Boşanmada mal paylaşımı yapılacağı zaman evlilik birliğinin sonlanmış olması gerekir. Evlilik içinde edinilen malların eşit olarak dağıtılması boşanmada mal paylaşımında kural olarak uygulanır. Boşanma davası açıldıktan sonra ve boşanmanın gerçekleşmesi ile mal paylaşımı davası görülebilir.
Aile birliği sonlandırılacağı zaman tarafların bunu resmi olarak gerçekleştirmesi zorunludur. Bu sebeple de Aile mahkemesine boşanma davası açılır. Boşanma davası anlaşmalı boşanma ya da çekişmeli boşanma şeklinde görülebilir.

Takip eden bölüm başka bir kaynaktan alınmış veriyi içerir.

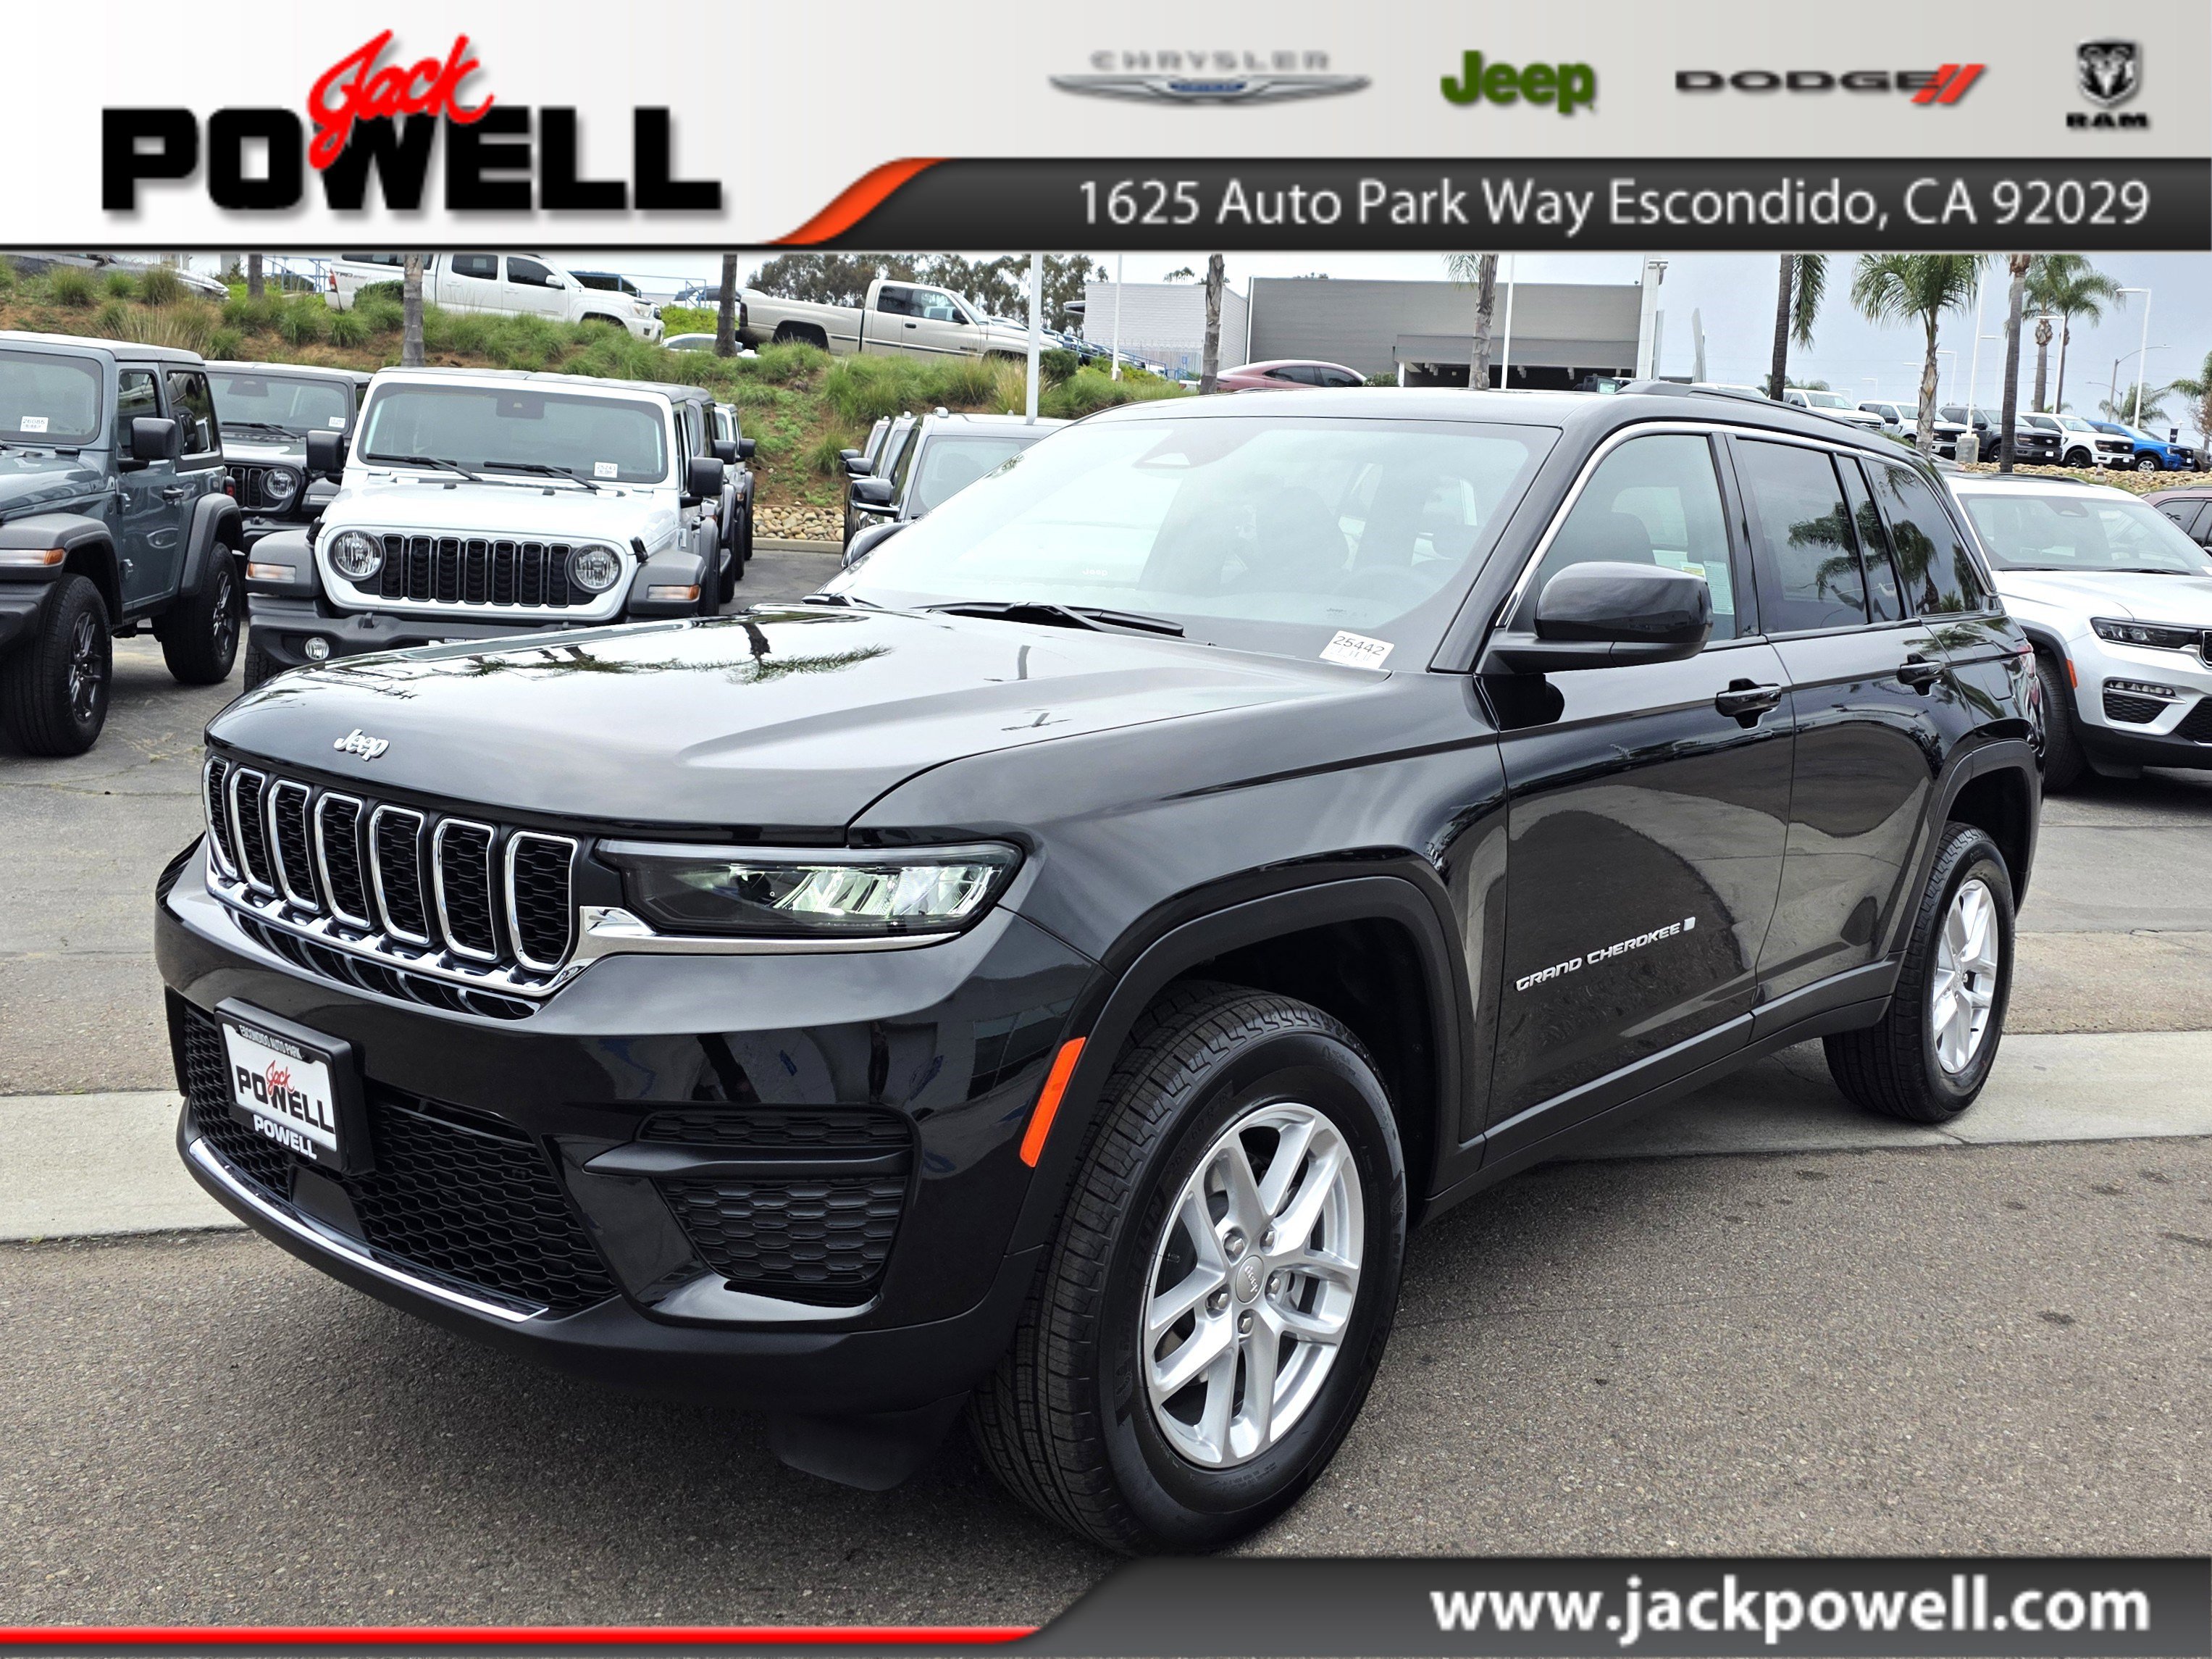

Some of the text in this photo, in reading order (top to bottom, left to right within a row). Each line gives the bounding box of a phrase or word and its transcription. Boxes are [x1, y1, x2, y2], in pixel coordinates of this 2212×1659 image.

Boşanma davası ve mal paylaşımı davası aynı anda açılamamaktadır. Aile Mahkemesine açılan boşanma davası sonucu kesinleşmeden mal paylaşımı davası açıldığı takdirde mahkemenin boşanma davasını bekletici mesele yapması nedeni ile mal paylaşımı davası görülememektedir. Bu davanın görülebilmesi boşanma kararının kesinleşmesi ile mümkündür.
Türk Medeni Kanunu uyarınca 01.01.2002 tarihi öncesinde geçerli olan mal paylaşımına yönelik kanunlar ile 01.01.2002 tarihinden sonra geçerli olan kanunlar arasında fark bulunur. 01.01.2002 tarihi öncesinde geçerli olan Medeni Kanun uyarınca Mal Ayrılığı Rejimi uygulanır. Bu kapsamda da bu tarihten önce satın alınan malların kimin üzerine kayıtlı olduğuna bakılır. Mallar kimin üzerine kayıtlı ise mal ona ait kabul edilir.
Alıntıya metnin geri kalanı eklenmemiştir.